When did Cheney start needing a reason?
I think you have it pretty close, they needed to blind the intel
picture long enough to substitute another in support of the plan…
what was it the Downing Street Memo said about intelligence being fixed
around the plan. Would not British intel see Brewster-Jennings scuttle
for what it was? Seems a fair surmise.
And where does Fitz fit into this? He is still hanging around, keeping the office lights on and the coffee pot full until something new comes up. Any chance he’s waiting for some of this classified info to be de-classified so that he can move on it?
Not sure on that one, time clock is running out and Mukasey’s position
is unclear on this investigation… perhaps the interview documents Fitz
sends to Waxman will generate the buzz needed to flush another bird.
I’ve long thought that this was as important to Cheney as Joe Wilson’s column. He probably thought about the outing as a “twofer”.
Bob in HI
The outing Valerie to discredit Joe story has always seemed thin and Joe’s frequent repetition of it rings off-key.
Interesting contrast to the later-disclosed photos of Abu Graib that were released for viewing, but only to congress.
Well, here are some other things that don’t make sense to me. Are people truly certain that ONLY the Intel 4 were briefed, and not the full “gang of 8?”
I’m no expert, but it seems that under Sec 413 the Presidential perogative is either the full intel committees OR the gang of 8. Not so much just the Intel 4. More and more reasons why Pelosi wanted impeachment off the table and no Dems have done any kind of battle over torture and the kidnap/abuse and subsequent deaths of innocent Afghan, Iraqi and other nations protected persons who have been disappeared around the world into military and CIA abuse?
Also, what defense do members of Congress who knew about the existence of tapes make to their failures to notify a) the 9/11 Commission which was requesting information on any such tapes and b) the Federal Judge in the Moussaoui case, Brinkema, who was also requesting the same?
If Harman and Rockefeller did NOT know the tapes were destroyed, then they DID know that the Executive Branch was lying to the Commission and, even more disturbingly, to the third branch of government – the Judicial Branch.
This just makes me ballistic and not many are focusing on the severe deriliciations and improprieties and obstruction issues resulting if Harman, Rockefeller, etc. in the Legislative Branch were sitting mum while the Executive Branch outright lied to the Judicial Branch.

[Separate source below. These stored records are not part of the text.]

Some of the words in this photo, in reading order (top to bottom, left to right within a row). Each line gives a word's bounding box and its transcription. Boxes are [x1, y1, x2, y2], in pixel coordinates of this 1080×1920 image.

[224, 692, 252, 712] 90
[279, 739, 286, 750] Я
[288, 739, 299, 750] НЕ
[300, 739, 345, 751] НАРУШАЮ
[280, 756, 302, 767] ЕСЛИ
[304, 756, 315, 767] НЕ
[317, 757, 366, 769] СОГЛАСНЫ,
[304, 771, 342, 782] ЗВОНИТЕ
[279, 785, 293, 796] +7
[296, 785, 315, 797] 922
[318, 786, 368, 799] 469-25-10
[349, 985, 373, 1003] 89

Turley gets this. I don’t want to go beyond fair use, but all of his entries are worth the read. For this particular issue, though, he says:
http://jonathanturley.org/2007…..for-years/
He’s opined since the Mukasey hearing, but I’ve pretty much figured since Pelosi really dug in on impeachment being off the table and blocking subpoenas and blocking contempt and reining in Conyers etc. that she doesn’t want in depth investigations. If she doesn’t want them, it’s because she doesn’t want what they will demonstrate – it’s as if she thinks that by blocking real investigation into the Bush admin activities she can prevent people from ever guessing the extent of complicity of Dem leadership.
And btw – what about other tapes? Everything you read is so very very parsed that nothing is getting at the existence of other tapes, perhaps discussed on other dates, and their destruction. Or, as pointed out above, other digital recordings. Or pictures. Or audio. Or video handed over to Egyptian interrogators to hold. Or kept at the ultra secret blacksites or by other Bush torture pals or by the military v. the CIA or …

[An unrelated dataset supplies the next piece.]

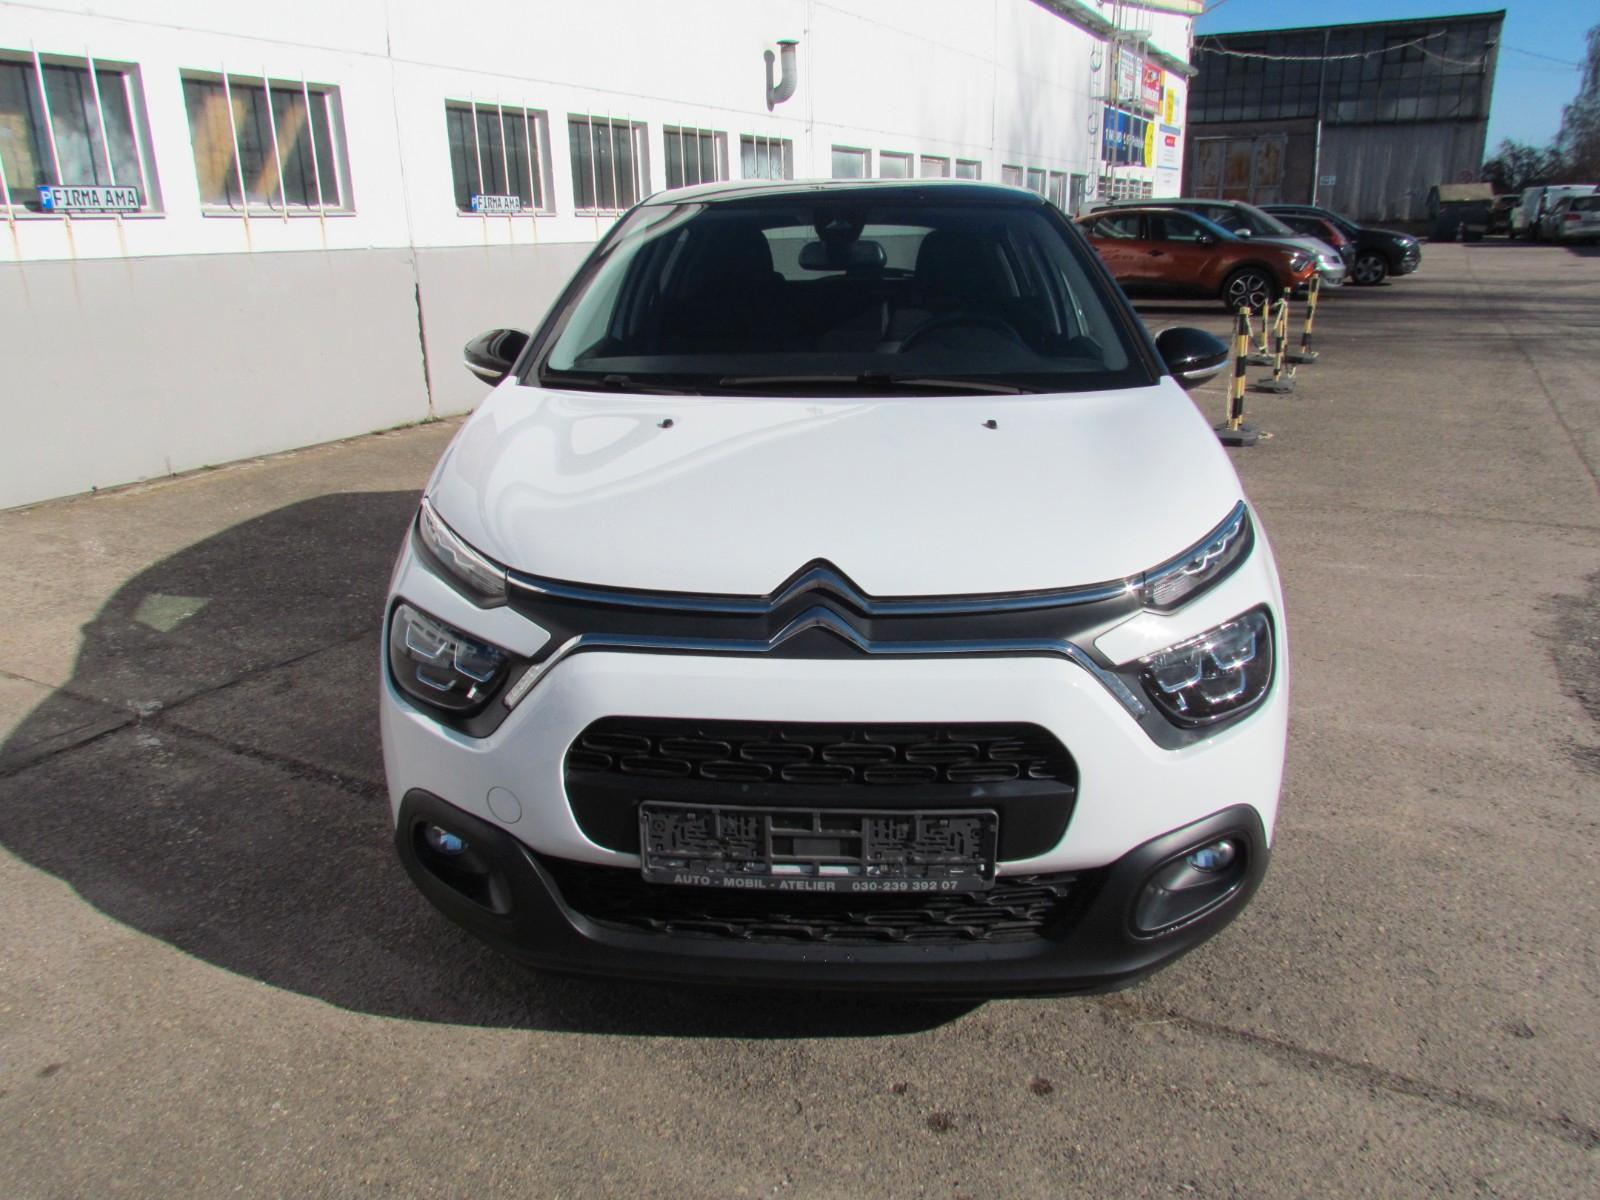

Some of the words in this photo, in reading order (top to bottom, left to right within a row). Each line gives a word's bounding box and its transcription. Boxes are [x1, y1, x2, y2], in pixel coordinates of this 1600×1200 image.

We do know that prosecutors appearing before Brinkema:
http://jonathanturley.org/2007…..-material/
So there are those recordings. We also know that Judge Brinkema is joining a long list of Judges to whom the DOJ has “fibbed” on a long laundry list of matters, from FISA court firewalls to criminal case unwarranted surveillance to criminal case existence of evidence to nature of GITMO detainees as protected persons who were human trafficking victims to transalations of surveillance tapes with warrants, to the existence of hundreds of pages of excuplatory evidence hidden, etc.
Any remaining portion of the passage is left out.